Classroom "Management"
This page last updated on: August 7, 2018
The Baruch College Faculty Handbook
Discussions with members of the Baruch faculty, staff, and administration have led to a broad consensus around several issues, including the need for the items listed here to be discussed and implemented at the departmental level, with support from the college’s administration through orientation and other efforts.
The list below reflects the consensus and is advanced here for consideration by individual members of the faculty and by departments. These items should not be construed as requirements; they are suggestions from which faculty and departments are invited to pick and choose as seems appropriate to their discipline. Many of these suggestions may seem obvious; further suggestions are welcome.
Consensus arose around the importance of communication: absent clear guides to classroom behavior, some students have no idea what behaviors are inappropriate. In light of contemporary norms–talking in cinemas, cell phones at concerts, feet on subway seats, litter thrown on the ground–less than respectful behavior might not be surprising, even in a college. Faculty should make clear to students (preferably both orally and in writing) that the classroom environment is a special one, with special normative behaviors. Syllabi distributed and discussed at the first class session are an important tool for communicating these precepts.

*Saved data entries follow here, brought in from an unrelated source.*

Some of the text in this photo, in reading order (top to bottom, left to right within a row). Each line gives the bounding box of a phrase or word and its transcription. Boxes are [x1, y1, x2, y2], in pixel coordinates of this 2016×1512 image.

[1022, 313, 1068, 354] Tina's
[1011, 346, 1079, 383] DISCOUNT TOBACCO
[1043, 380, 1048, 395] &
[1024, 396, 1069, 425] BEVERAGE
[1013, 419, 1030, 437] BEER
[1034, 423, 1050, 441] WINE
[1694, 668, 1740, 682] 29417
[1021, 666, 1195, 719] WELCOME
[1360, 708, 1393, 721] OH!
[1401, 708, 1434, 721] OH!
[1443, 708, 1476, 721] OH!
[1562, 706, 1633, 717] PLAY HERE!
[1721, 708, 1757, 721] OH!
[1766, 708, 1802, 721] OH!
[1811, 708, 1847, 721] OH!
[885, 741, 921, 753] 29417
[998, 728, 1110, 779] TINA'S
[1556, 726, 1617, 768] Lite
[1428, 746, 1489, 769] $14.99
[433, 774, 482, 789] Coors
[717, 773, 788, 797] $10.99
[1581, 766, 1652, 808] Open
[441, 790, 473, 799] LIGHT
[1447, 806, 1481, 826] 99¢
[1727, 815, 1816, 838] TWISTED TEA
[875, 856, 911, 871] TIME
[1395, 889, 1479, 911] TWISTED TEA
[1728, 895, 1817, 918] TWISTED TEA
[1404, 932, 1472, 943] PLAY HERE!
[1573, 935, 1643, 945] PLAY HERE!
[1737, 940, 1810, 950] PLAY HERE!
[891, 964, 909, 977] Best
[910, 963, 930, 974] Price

Most students appreciate having limits clearly articulated and enforced. Those limits can include: phones and beepers turned off; no leaving class for calls; a request that students visit bathrooms before or after class, not during; no talking while the instructor is talking; no sleeping; questions to be directed to the instructor; no reading of materials unrelated to the class; no use of laptop computers other than for taking notes, etc.
Student responsibilities regarding less banal aspects of behavior (including the need to prepare for class) similarly should be spelled out, preferably through a written syllabus, as well as orally. For a thought-provoking view of student responsibilities that encourages members of the faculty to articulate these in the context of their own responsibilities, see Bill Taylor’s “Letter to My Students” (which also may be accessed from the Academic Integrity page of the Faculty Handbook website). Again, anyone who wishes to incorporate this approach is invited to pick and choose.

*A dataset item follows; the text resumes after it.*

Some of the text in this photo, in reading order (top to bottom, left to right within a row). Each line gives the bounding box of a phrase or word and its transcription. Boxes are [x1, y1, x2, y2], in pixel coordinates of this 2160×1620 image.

Faculty who do allow students to talk or to leave the room during a lecture help to create/reinforce bad habits that students then bring to other classrooms. The absence of stated limits encourages this behavior, as does faculty disregard of cheating during exams, or plagiarism on written assignments. Multiple-choice exams may be unavoidable in classes with many students, but administering the same MC exam to students sitting next to each other invites cheating: when possible, students should be seated in alternate seats and several versions of exams should be administered. (Different versions can be on different colored paper; the differences can be limited to the order of the questions. Here, as elsewhere, departments should develop their own best practices.) Faculty may insist that students use restrooms before the exam starts and should not themselves leave the room during exams.
Some disruptive behaviors by students yield to tricks of the trade. They can be asked to change seats. In larger classes, students can be assigned seats alphabetically (or in other ways that discourage friends from sitting together); the seat assignments can be recorded and can serve as aids to taking attendance and to calling students by name. Students can be asked to supply photocopies of their ID photos, helping faculty learn names. Taking attendance is important not merely because of regulations that students attend a certain number of hours, but because it alerts the college to potential problems of individual students and helps lessen the
sense of anonymity. Warning students who have missed classes that they risk being dropped for over-cutting is a good idea–despite information on a syllabus and elsewhere, they may be unaware of attendance requirements–but warning them and not following through risks cynical disregard.
- If a student’s behavior is disruptive, the faculty member should ask him/her to stop. As suggested above, the key is communication: disruptions show disrespect for the instructor, fellow students and the educational environment. If the disruptions persist, asking a student to change seats is reasonable, as is asking him/her to leave the classroom. If necessary, Security can be called to insure that a student leaves as requested (x3000 — there are phones in all classrooms of the NVC). The names of students who are disruptive can be sent to Brandy Peer (NVC 3-175; 646-312-4570).
- Students who arrive late may be unintentionally disruptive. A separate seating area near the door can minimize this disruption. Late arrivals are always disruptive to some degree: faculty may discourage these by counting a certain number as the equivalent of an absence. Faculty who are not ready to begin lessons on time set a bad example.
- General issues of respect for the institution include respecting the classroom environment and the staff who clean the rooms. Faculty may bar eating and drinking from the classroom, but if they allow food consumption they should ask students to dispose of refuse correctly.
- Departments are urged to follow procedures regarding peer observations (all untenured faculty, including adjuncts, need to be observed during each of their first ten semesters teaching; tenured faculty may be observed once each semester) and to standardize their approach to observation and post-observation reports. (The relevant portion of our collective bargaining agreement is available here.) In addition, faculty should be encouraged to sit in on colleagues’ lectures. A helpful practice would be for one or more members of a department to agree to be observed in this way. Standard departmental approaches to creating and maintaining a file of current syllabi also are encouraged.